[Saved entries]
= Beginning of Section =
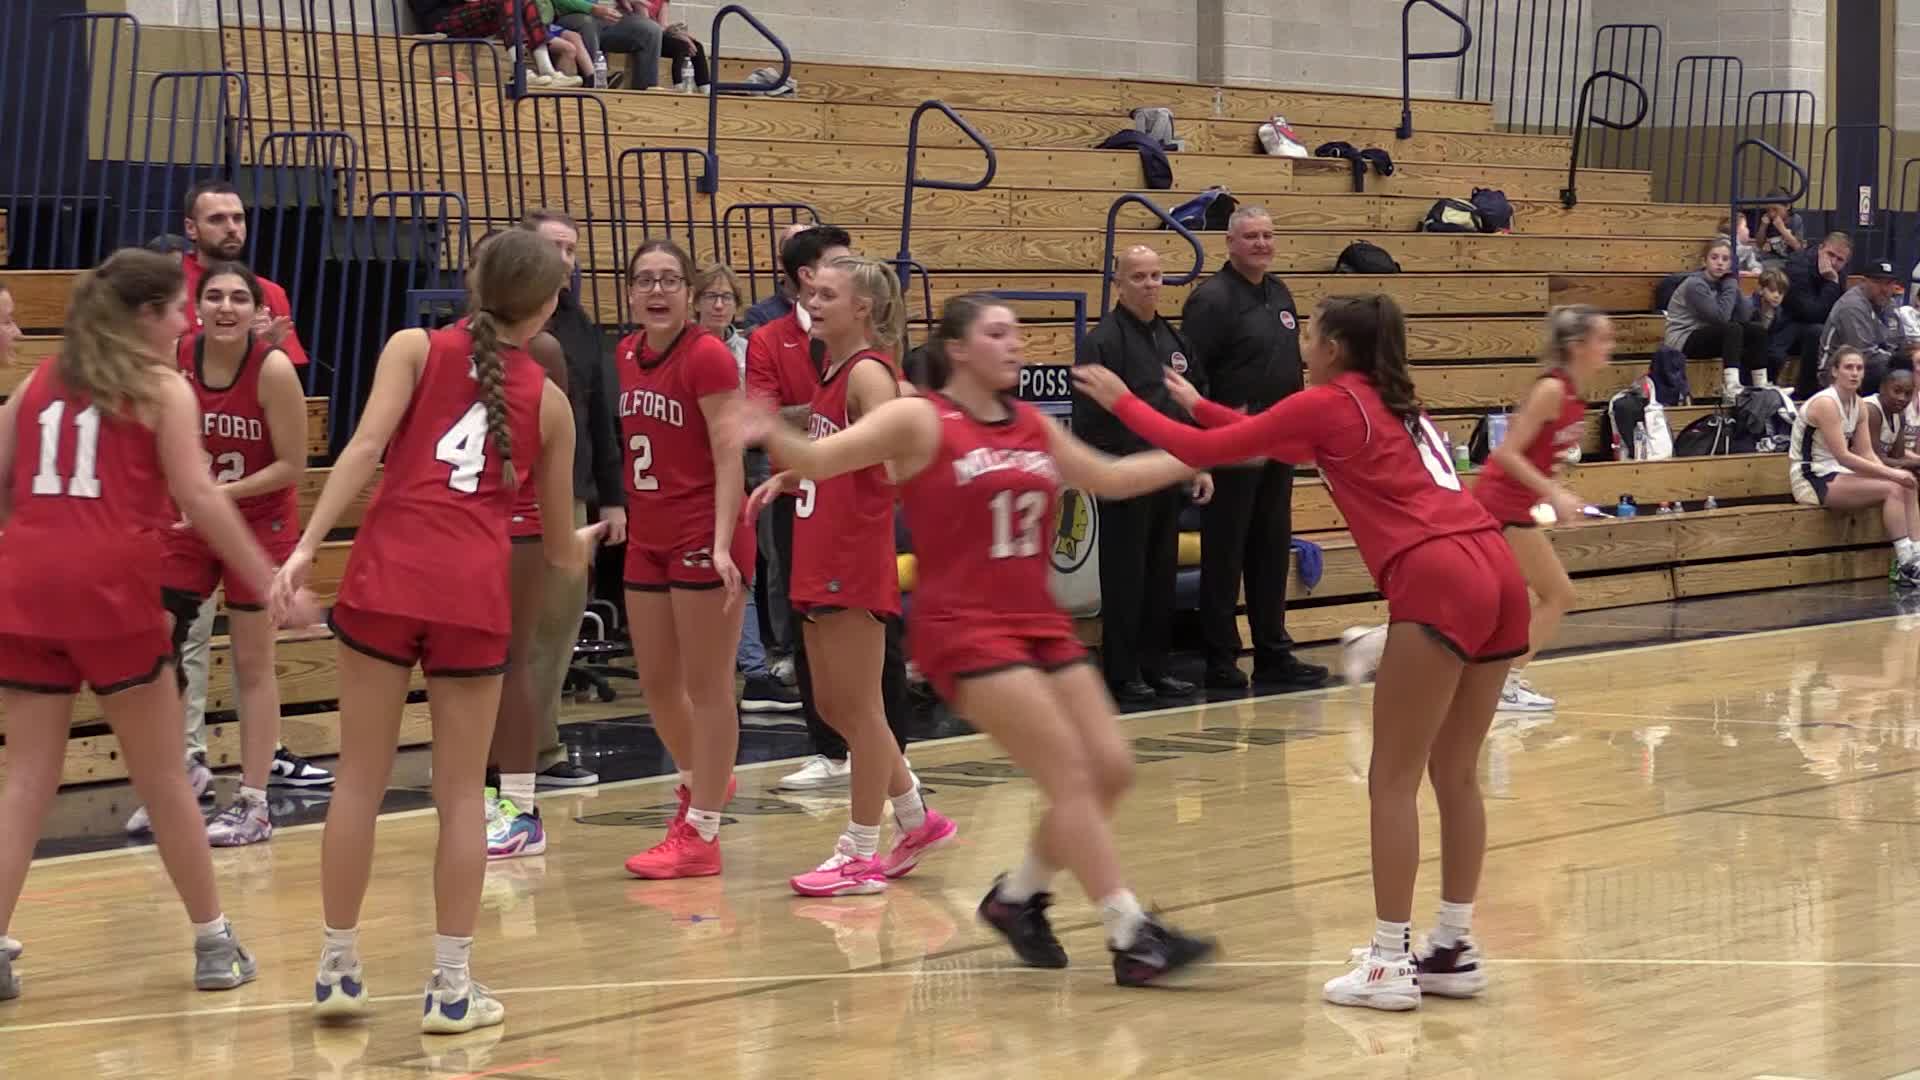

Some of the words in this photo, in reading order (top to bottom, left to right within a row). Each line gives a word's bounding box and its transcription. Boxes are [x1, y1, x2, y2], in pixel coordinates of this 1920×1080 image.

[618, 388, 684, 427] ILFORD
[1018, 367, 1072, 398] POSS.
[31, 399, 102, 499] 11
[203, 411, 263, 441] FORD
[434, 400, 489, 494] 4
[628, 433, 660, 491] 2
[988, 488, 1048, 559] 13
= End of Section =
* To do *
The records above are to be duplicated exactly, pictures left out.

* Task result *
Some of the words in this photo, in reading order (top to bottom, left to right within a row). Each line gives a word's bounding box and its transcription. Boxes are [x1, y1, x2, y2], in pixel coordinates of this 1920×1080 image.

[618, 388, 684, 427] ILFORD
[1018, 367, 1072, 398] POSS.
[31, 399, 102, 499] 11
[203, 411, 263, 441] FORD
[434, 400, 489, 494] 4
[628, 433, 660, 491] 2
[988, 488, 1048, 559] 13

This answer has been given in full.